--- DATA UNDER STUDY Enclosed Below ---

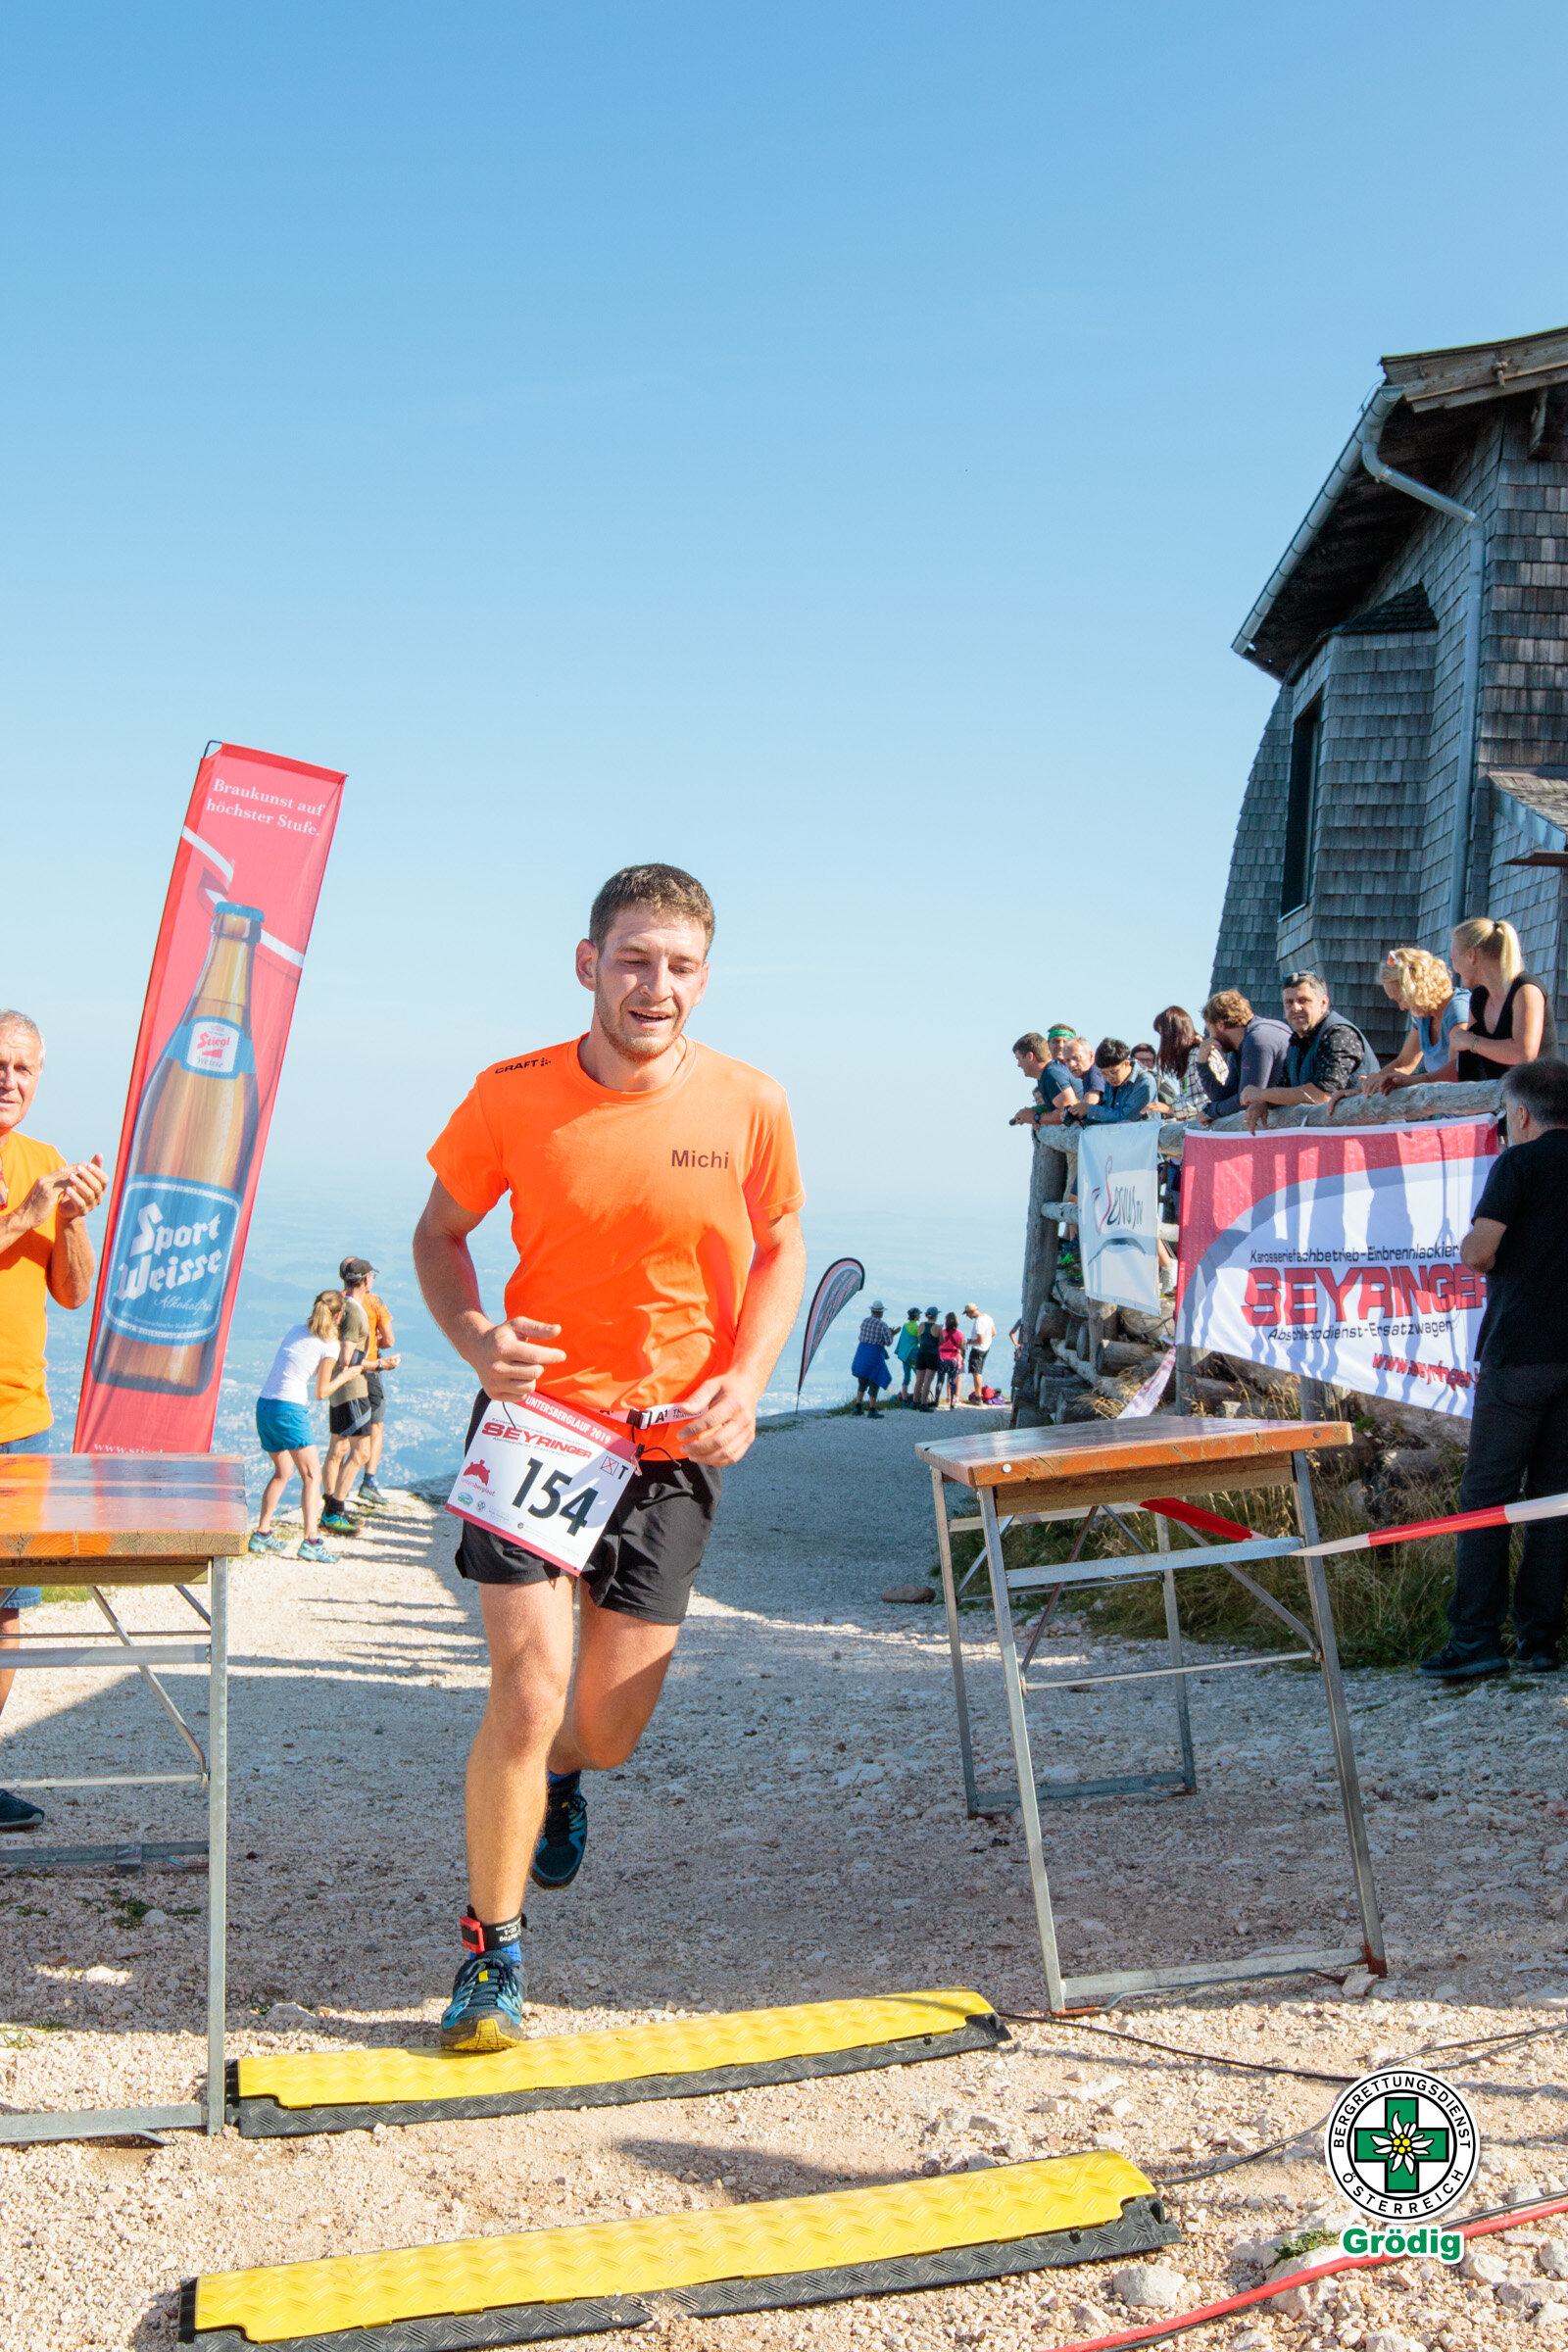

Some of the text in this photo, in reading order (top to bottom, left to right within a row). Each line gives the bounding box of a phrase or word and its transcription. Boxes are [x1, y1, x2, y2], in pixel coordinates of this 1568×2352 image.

[213, 778, 326, 816] Braukunst auf
[206, 799, 320, 837] höchster Stufe.
[197, 1032, 230, 1050] Stiegl
[495, 1059, 539, 1074] CRAFT
[671, 1150, 729, 1169] Michi
[129, 1201, 220, 1257] Sport
[1250, 1241, 1459, 1264] Karosseriefachbetrieb-Einbrennlackier
[114, 1249, 221, 1301] Weisse
[1268, 1319, 1454, 1344] Abschleppdienst-Ersatzwagen
[1372, 1353, 1479, 1391] www.seyringer.
[525, 1395, 591, 1434] UNTERSBERGLAUF
[590, 1428, 612, 1445] 2019
[481, 1422, 592, 1458] SEYRINGER
[512, 1457, 599, 1537] 154
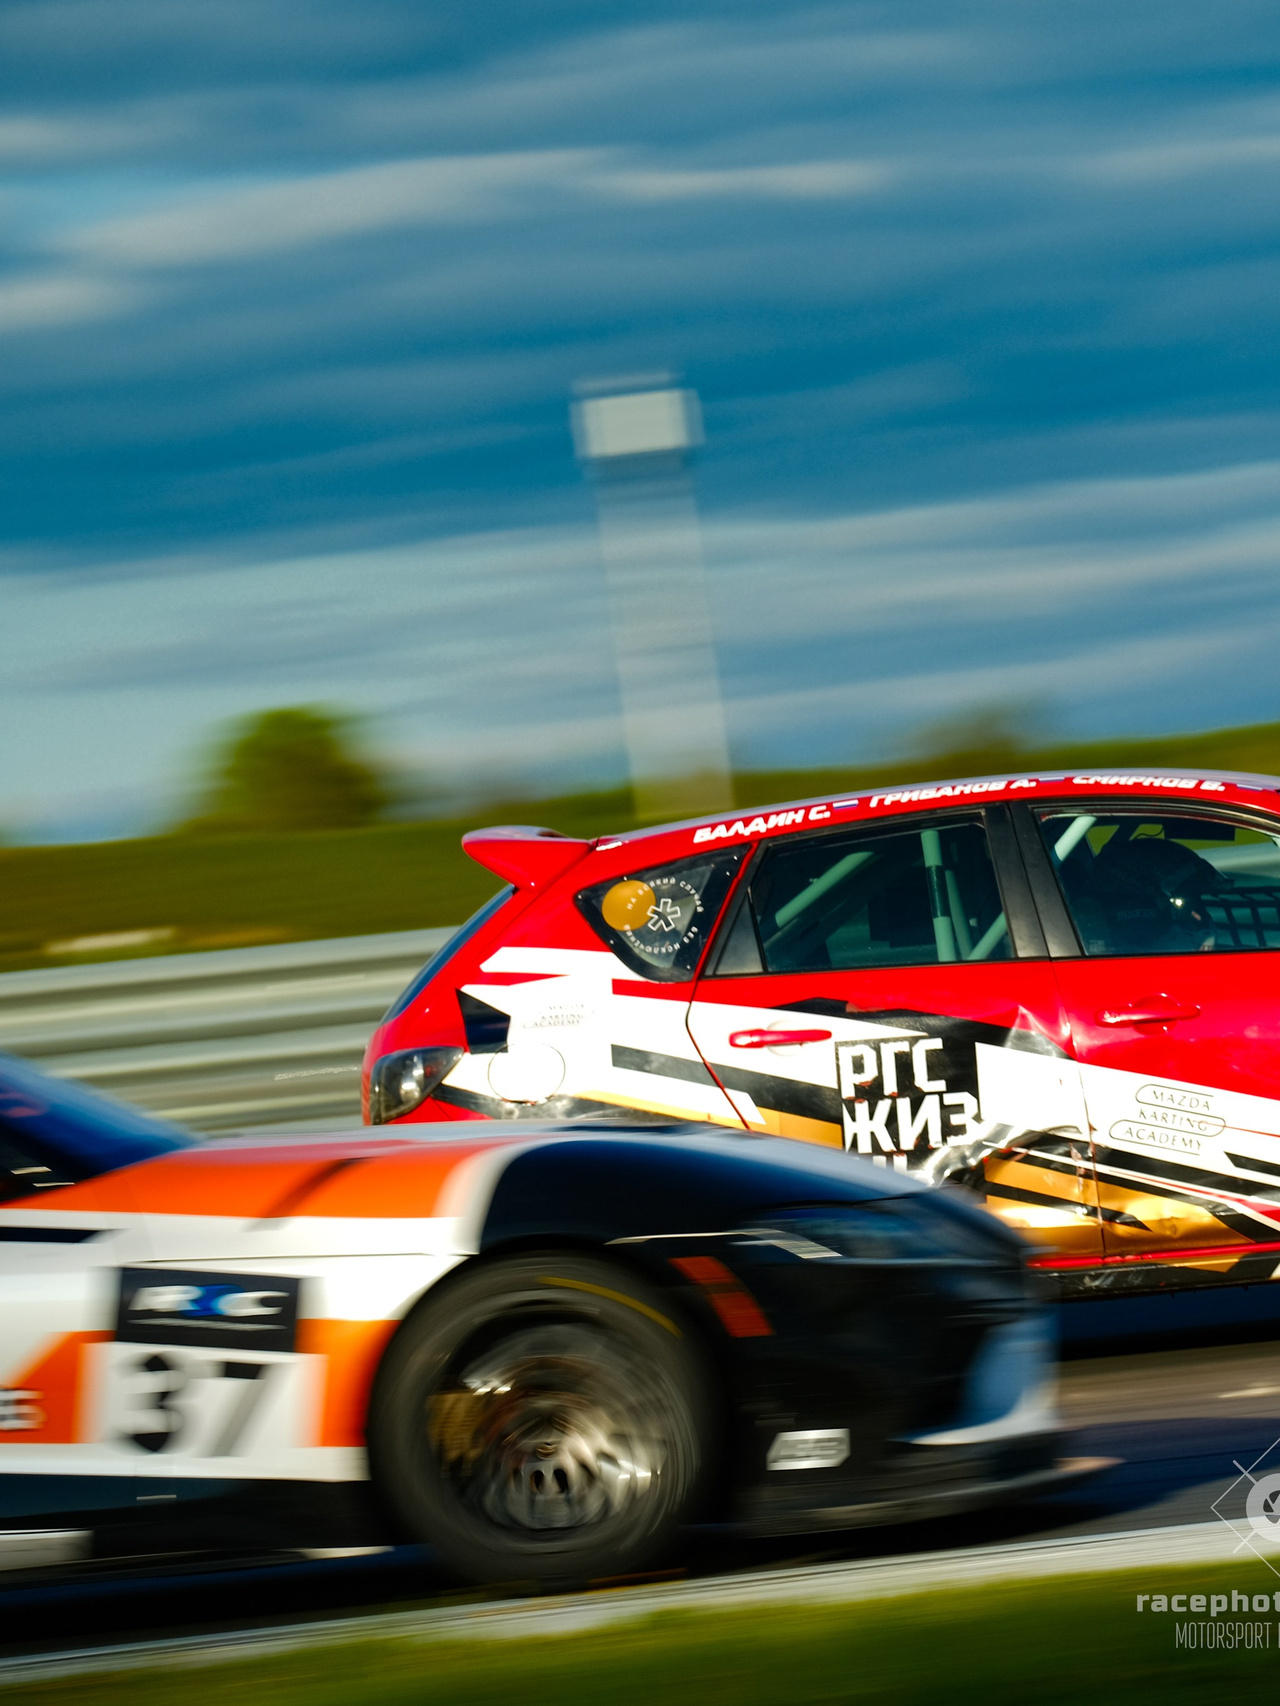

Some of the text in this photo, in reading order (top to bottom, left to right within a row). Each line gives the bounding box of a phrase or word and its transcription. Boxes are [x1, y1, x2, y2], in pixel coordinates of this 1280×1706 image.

[869, 780, 1008, 808] ГРИБАНОВ
[1072, 775, 1199, 790] СМИРНОВ
[693, 805, 831, 844] БАЛДИН С.
[838, 1037, 947, 1100] РГС
[1152, 1089, 1211, 1111] MAZDA
[842, 1091, 980, 1154] ЖИЗ
[1138, 1108, 1210, 1132] KARTING
[1124, 1126, 1203, 1151] ACADEMY
[117, 1351, 296, 1458] 37

--- End of Enclosed DATA UNDER STUDY ---

Give the data above again, exactly and completely. No pictures go in.

▸ **SOLUTION FOR THIS EXERCISE**
Some of the text in this photo, in reading order (top to bottom, left to right within a row). Each line gives the bounding box of a phrase or word and its transcription. Boxes are [x1, y1, x2, y2], in pixel coordinates of this 1568×2352 image.

[213, 778, 326, 816] Braukunst auf
[206, 799, 320, 837] höchster Stufe.
[197, 1032, 230, 1050] Stiegl
[495, 1059, 539, 1074] CRAFT
[671, 1150, 729, 1169] Michi
[129, 1201, 220, 1257] Sport
[1250, 1241, 1459, 1264] Karosseriefachbetrieb-Einbrennlackier
[114, 1249, 221, 1301] Weisse
[1268, 1319, 1454, 1344] Abschleppdienst-Ersatzwagen
[1372, 1353, 1479, 1391] www.seyringer.
[525, 1395, 591, 1434] UNTERSBERGLAUF
[590, 1428, 612, 1445] 2019
[481, 1422, 592, 1458] SEYRINGER
[512, 1457, 599, 1537] 154

Some of the text in this photo, in reading order (top to bottom, left to right within a row). Each line gives the bounding box of a phrase or word and its transcription. Boxes are [x1, y1, x2, y2], in pixel coordinates of this 1280×1706 image.

[869, 780, 1008, 808] ГРИБАНОВ
[1072, 775, 1199, 790] СМИРНОВ
[693, 805, 831, 844] БАЛДИН С.
[838, 1037, 947, 1100] РГС
[1152, 1089, 1211, 1111] MAZDA
[842, 1091, 980, 1154] ЖИЗ
[1138, 1108, 1210, 1132] KARTING
[1124, 1126, 1203, 1151] ACADEMY
[117, 1351, 296, 1458] 37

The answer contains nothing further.